Даже родные, которые должны были волноваться о том, что произойдёт сегодняшней ночью, всячески избегали разговоров на эту тему, боясь, то ли рассердить юношу, то ли опечалить. И теперь, в гнетущей тишине, он остался совершенно один.
Со второго этажа Костя прекрасно видел самодельную горку, которую всю зиму возводил вместе с сестрой, сгребая снег лопатами и поливая водой.
Катерина мечтала сделать её огромной, до самого неба. Все смеялись над наивностью девочки, даже он, но всё же продолжал играть в эту игру.

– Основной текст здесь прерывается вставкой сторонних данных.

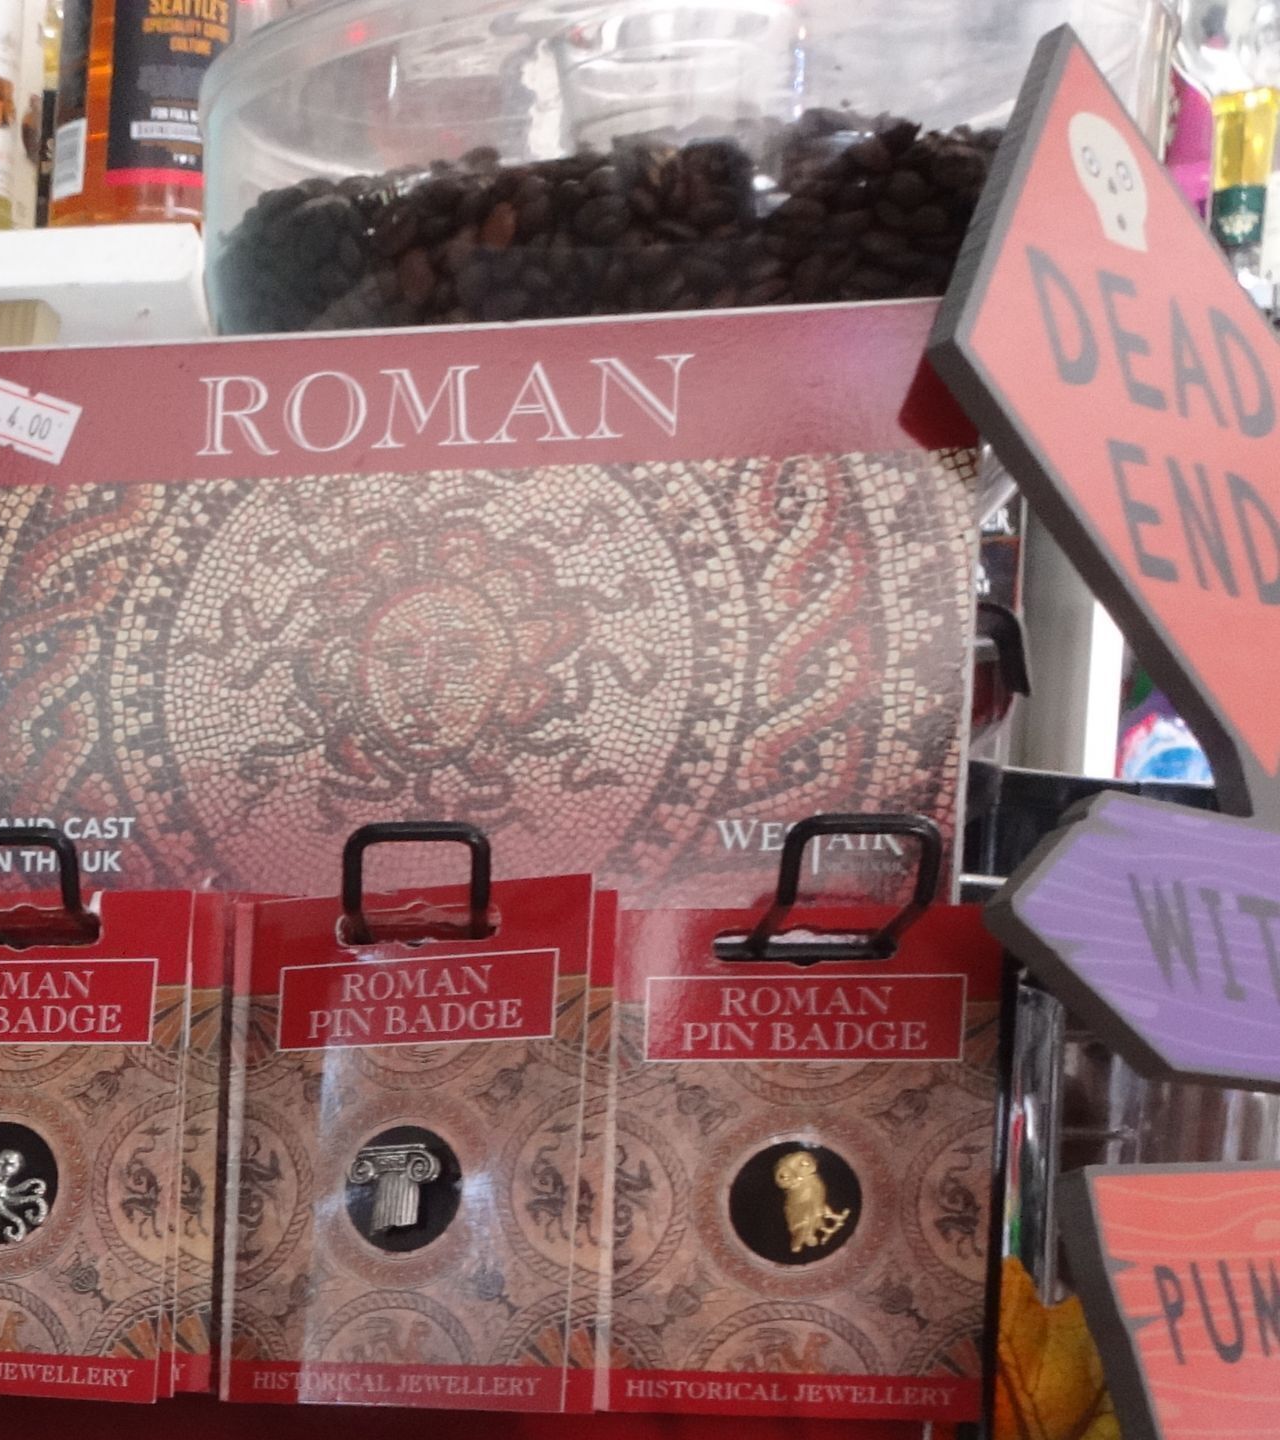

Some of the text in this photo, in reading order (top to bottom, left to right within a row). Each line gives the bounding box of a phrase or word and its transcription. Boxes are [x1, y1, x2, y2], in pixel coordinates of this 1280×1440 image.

[1025, 246, 1277, 439] DEAD
[197, 353, 696, 457] ROMAN
[1106, 439, 1280, 606] END
[64, 817, 136, 839] CAST
[20, 851, 61, 873] TH
[83, 851, 123, 872] UK
[341, 965, 493, 1001] ROMAN
[718, 985, 893, 1017] ROMAN
[308, 999, 523, 1039] PIN BADGE
[681, 1020, 928, 1051] PIN BADGE
[252, 1371, 540, 1397] HISTORICAL JEWELLERY
[626, 1378, 957, 1407] HISTORICAL JEWELLERY
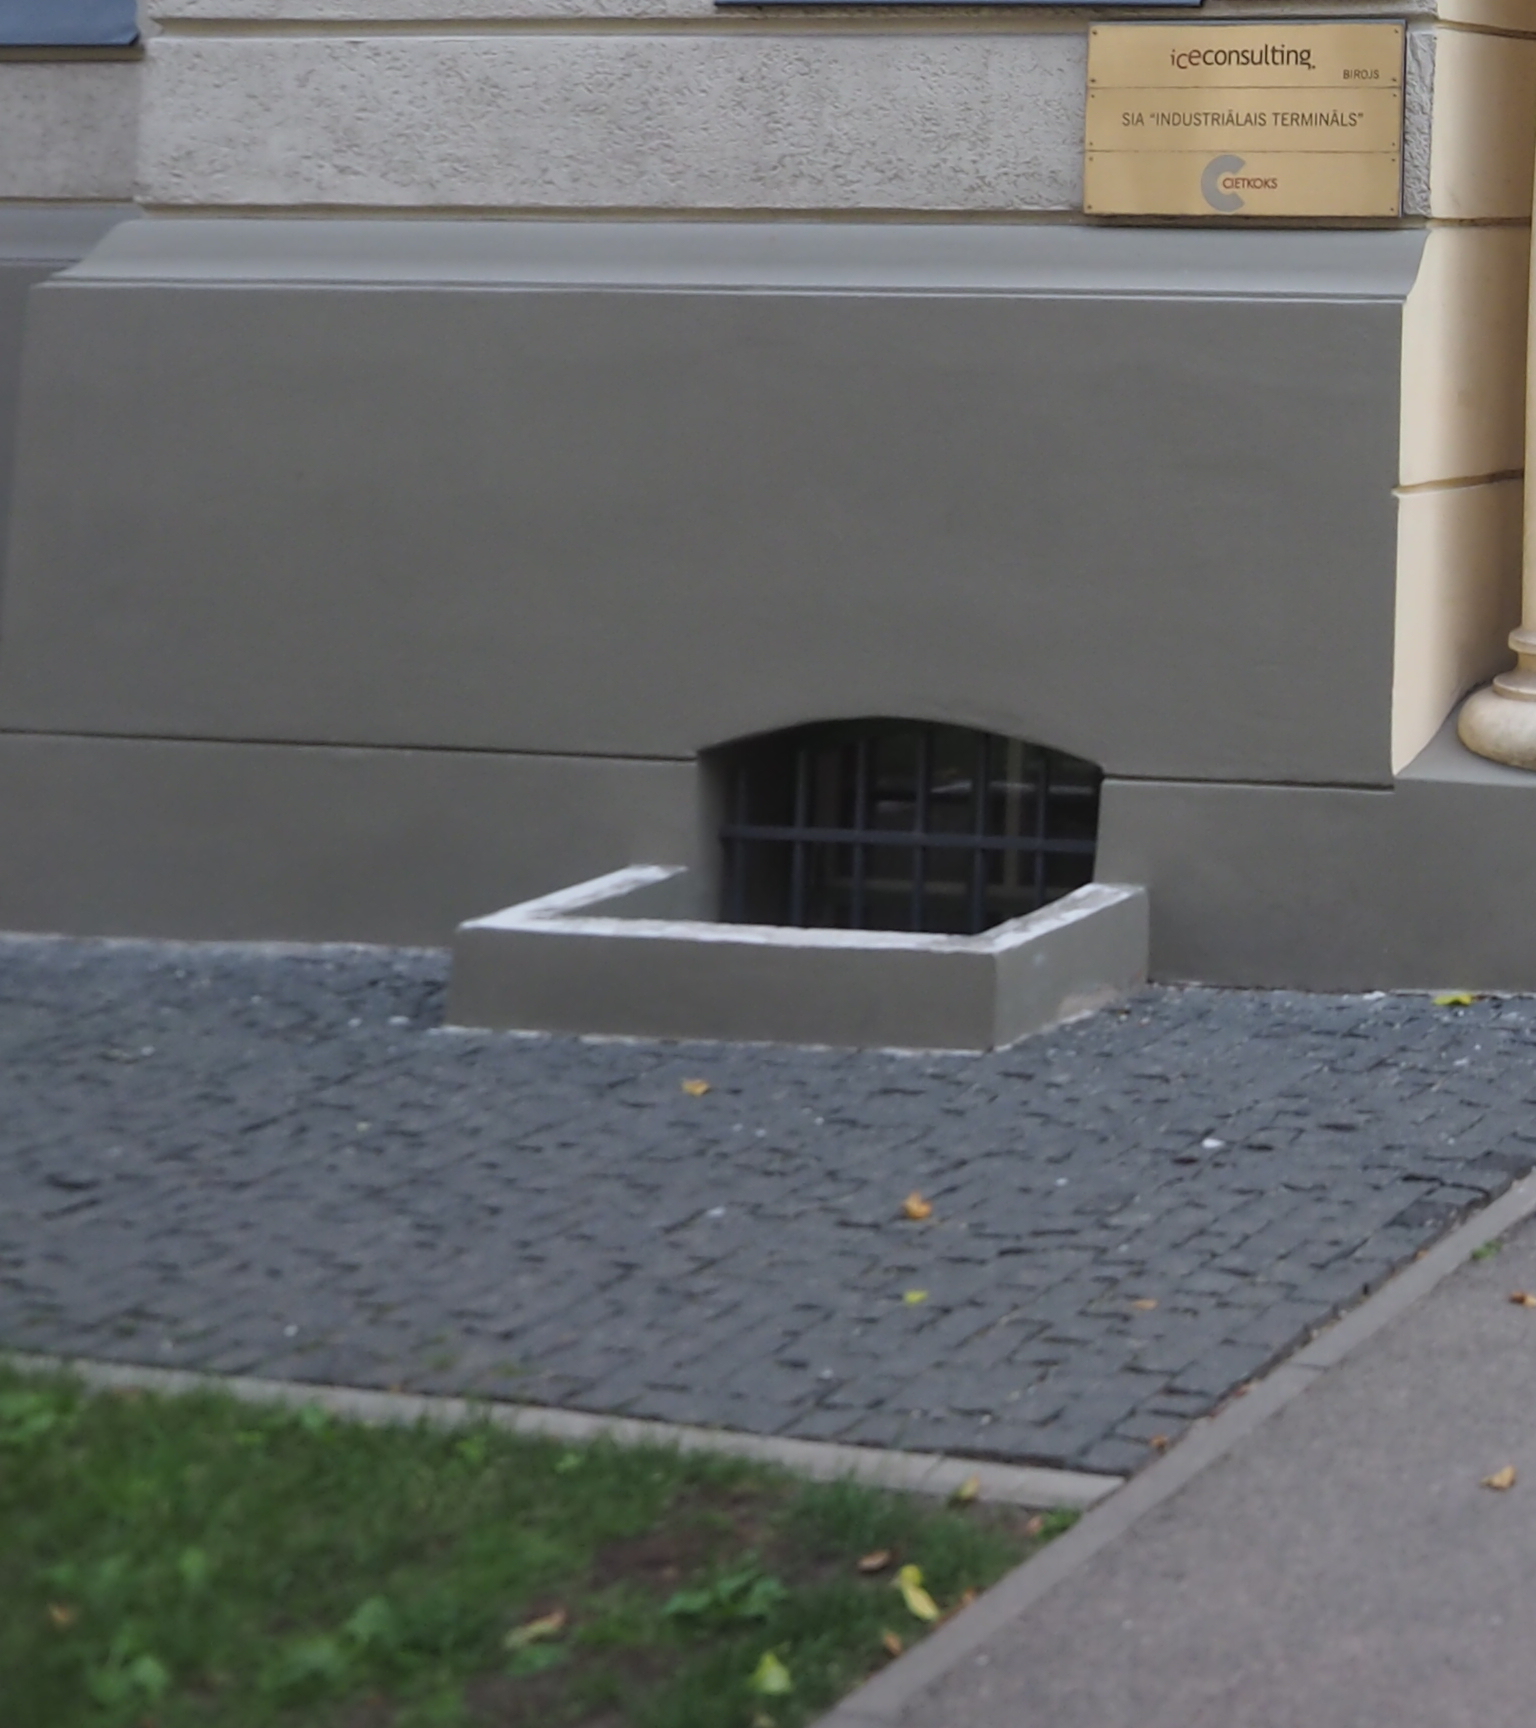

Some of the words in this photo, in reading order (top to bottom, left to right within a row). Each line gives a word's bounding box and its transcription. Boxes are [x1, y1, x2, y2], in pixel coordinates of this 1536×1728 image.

[1342, 69, 1380, 80] BIROJS
[1122, 112, 1145, 127] SIA
[1222, 177, 1278, 190] CIETKOKS
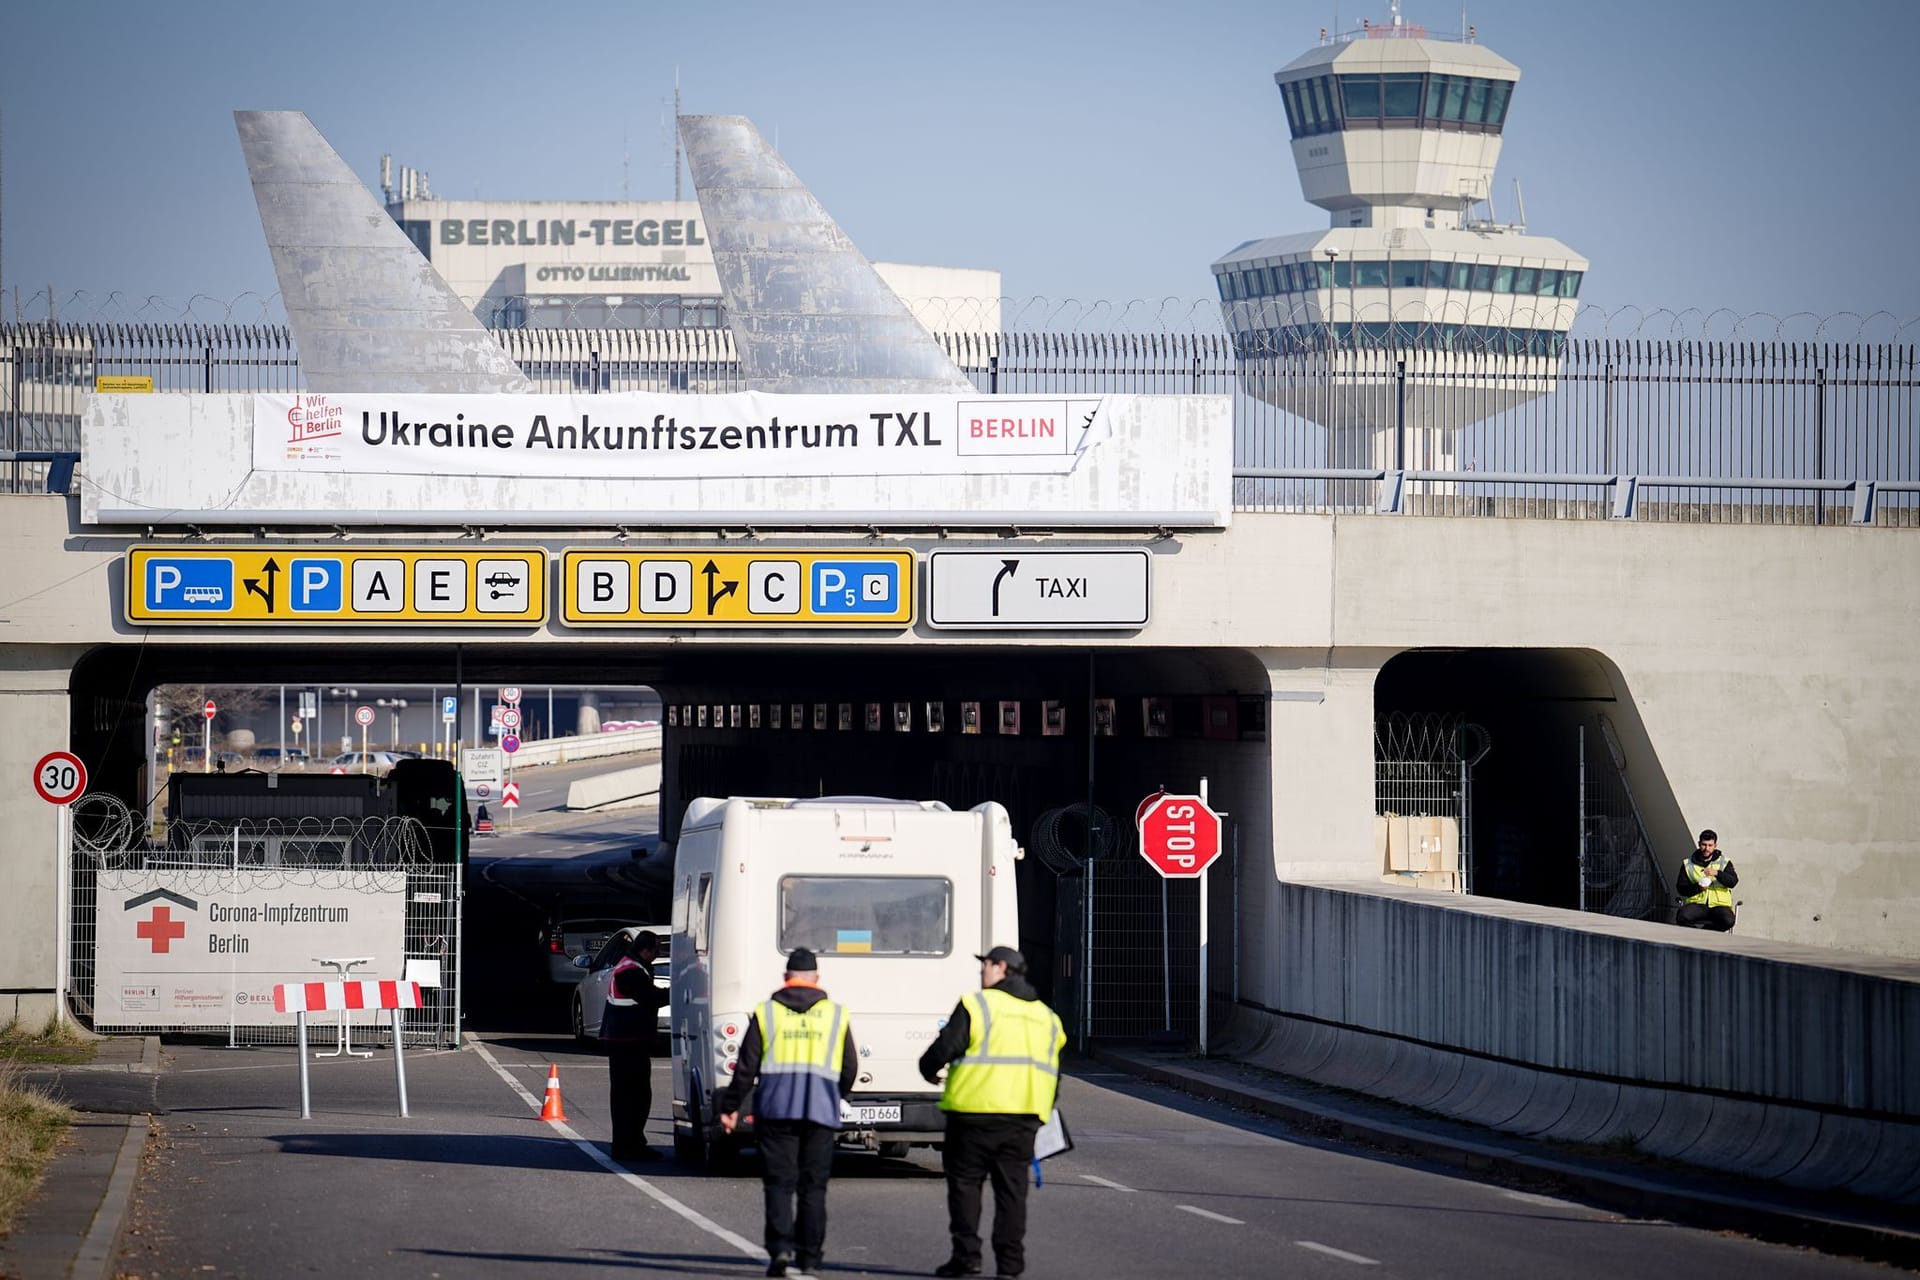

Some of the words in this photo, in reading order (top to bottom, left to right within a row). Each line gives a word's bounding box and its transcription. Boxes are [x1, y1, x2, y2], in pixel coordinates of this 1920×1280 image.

– Что там, на небе? – однажды спросила она его, ловко орудуя детской лопатой.
– Не знаю, – искренне ответил юноша, обратив взгляд серебристых глаз в небесную даль.
– А там могут быть… – малышка на мгновение замялась, и карие глаза потемнели, – мама с папой?
Юноша вздрогнул. С момента гибели родителей они о них не заговаривали, словно вычеркнув свою прошлую жизнь из памяти, тем самым окончательно влившись в семью Орловых.
Первым его желанием было сказать правду, но, увидев мольбу в глазах сестры, Костя тяжело вздохнул:
– Там есть то, во что ты веришь, – увильнул он от ответа.
– А ты во что веришь? – не унималась та.
– В облака, – грубо отрезал парень.
Костя не верил ни в Ад, ни в Рай, во всё то, что заставляет людей трепетать и задумываться о последствиях своих поступков.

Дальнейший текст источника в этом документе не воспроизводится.